第一章(於福入輿)‐二

 上原城は武田の使者と称する醜男の来訪を受けていた。城中では相変わらず満隣や麻績未亡人、その他近臣による於福説得が飽くことなく続けられていたが、彼女が心変わりすることはなかった。そこへ現れたのが勘助である。武辺一辺倒にしか思われない使者の来訪に接し、諏方家中は

「すわ、力尽くで姫をかどわかしに参ったか」

 と一同身構えたが、勘助は武具の一切を諏方衆に預けて単身於福との面会を希望した。於福は、武田の使者が単身しかも丸腰で面会を望んでいると聞いて心中期するものがあった。懐に忍ばせた短刀で使者を傷つけるか殺すかして、自らも喉を突き死ぬつもりなのである。上座にて勘助を睥睨へいげいする姫の視線は、さながら芝において敵首を狙う武者のそれであった。

 勘助は姫の殺意に気付かぬふうを示しながら、晴信からの御諚として口上を陳べ始めた。すると姫はやにわに懐から短刀を取り出し、勘助に振り下ろしてかかってきた。勘助は座したまま短刀を振り下ろす於福の右手首を右手で払うと、伸びた於福の右腕に自らの左腕を絡ませそのまま下方へと引き落とした。於福の振り下ろした短刀は畳に深々と刺さり、彼女は突っ伏して倒れ込んだ。勘助は

「流石は頼重様の遺児であらせられる。しかしながら脇差とはそのように逆手に持って振り下ろすものではございません。もし相手を本気で仕留めようというのなら、急所めがけて最短距離で突き出すように使うものでございます」

 自身の左胸の辺りを指差しながら言い、続けて

「御父上の仇を討たれるのが本懐か」

 と姫に問うた。於福は、「知れたこと」と吐き捨てるようにこたえた。

「ならば御屋形様の許に輿入れなされよ。それがしが太刀さばきを指南して差し上げるゆえ、仇討ちでも何でも好きになさるが良い」

「我が身欲しさにいい加減なことを申すでない」

「それがしは本気でござる。実はそれがし、桑原包囲の際に頼重様に降伏を勧める使者を務め申した。それがしは御屋形様の御諚として頼重様、頼高様に御身の安全を保障する旨お伝え申し、開城を引き出したのでございます」

 勘助が滔々とうとうと語り出した桑原開城の経緯に、さすが激情を以て鳴る姫も黙って耳を傾けた。勘助は続けた。

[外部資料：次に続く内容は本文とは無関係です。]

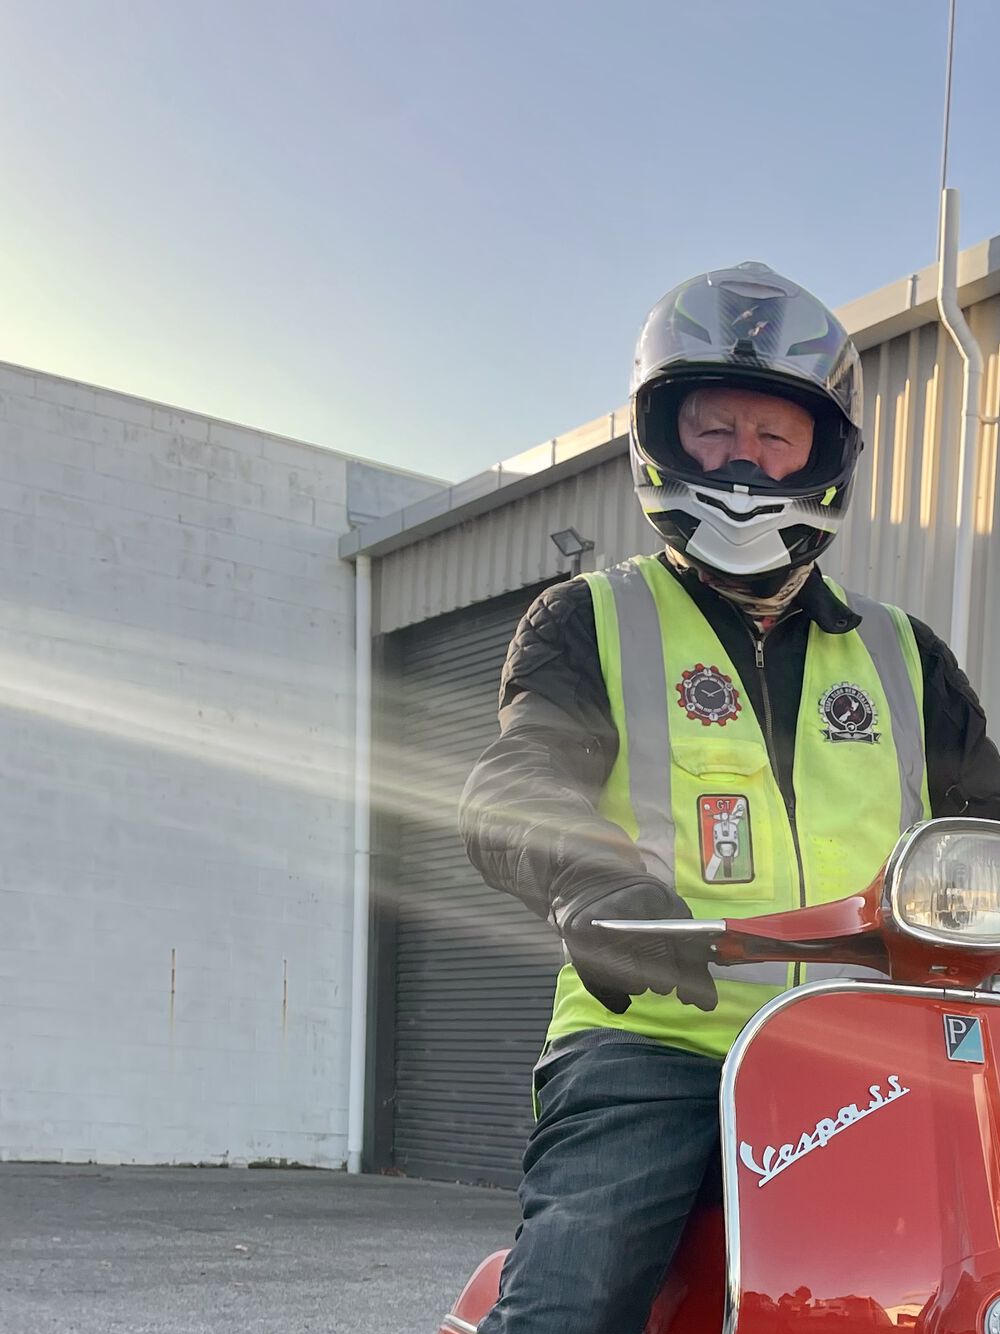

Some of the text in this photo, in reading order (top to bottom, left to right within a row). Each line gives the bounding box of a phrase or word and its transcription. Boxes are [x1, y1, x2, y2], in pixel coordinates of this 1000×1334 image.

「しかし親方様はその約束を反故にして御両名に切腹を申し付けられた。果てはそれがしが手柄欲しさにその場限りの虚言を弄して頼重様を騙したのだなどと家中で噂され後ろ指を指される始末。御屋形様からのかばい立てもござらぬ。かように思うところがあって御屋形様・・・・・・、いやさ晴信を討ち果たさんと密かに思い詰めておりましたが、宿願を達するには身辺の警護が固く容易に抜けそうにない。好機があるとすれば」

 しとねの中だけ、と勘助が言い終わらぬうちに、於福は畳に刺さった短刀を抜き

「分かりました。では早速手練てだれの技を教えてたもれ」

 そう言って、仇討ちの本懐を遂げるのと引き替えに、遂に婚姻を受諾してのであった。

 

 両家諸衆が喜んだという諏方御料人輿入れは盛大に執り行われた。その中で独り、勘助だけは笑みを含むことなく終始青い顔をして酒を飲んでいた。

 入輿受諾からこの日まで、勘助は於福に脇差の扱い方を懇切に教え込んでいた。そうでもしなければ彼女は決して騙されなかっただろうからだ。於福は本懐を果たすべく勘助について必死に修練を重ね、あれほど嫌がっていた輿入れを待ちわびるまでに自信をつけていた。勘助には、於福がこれだけの修練を積んでもなお晴信を仕留めることが出来ないであろうという確信があった。自ら鑓を振るって陣頭に立つような戦い方をする晴信ではなかったが、武門に生まれた男子としてひととおりの修練は積んでいるはずであった。付け焼き刃の於福が仕留められる相手ではないはずだ。だが万に一つということも考えられるし、第一褥にて脇差を振るったとあれば入輿説得に当たった自分が責任を問われることは間違いないことであった。

 いずれにしても腹を切らなければならないだろう。仕官が叶った日から、晴信のためなら命を棄てても構わないと覚悟を決めていた勘助であったが、この命も今宵までと思い定めたその晩は、さすがに人目も憚らず痛飲したのであった。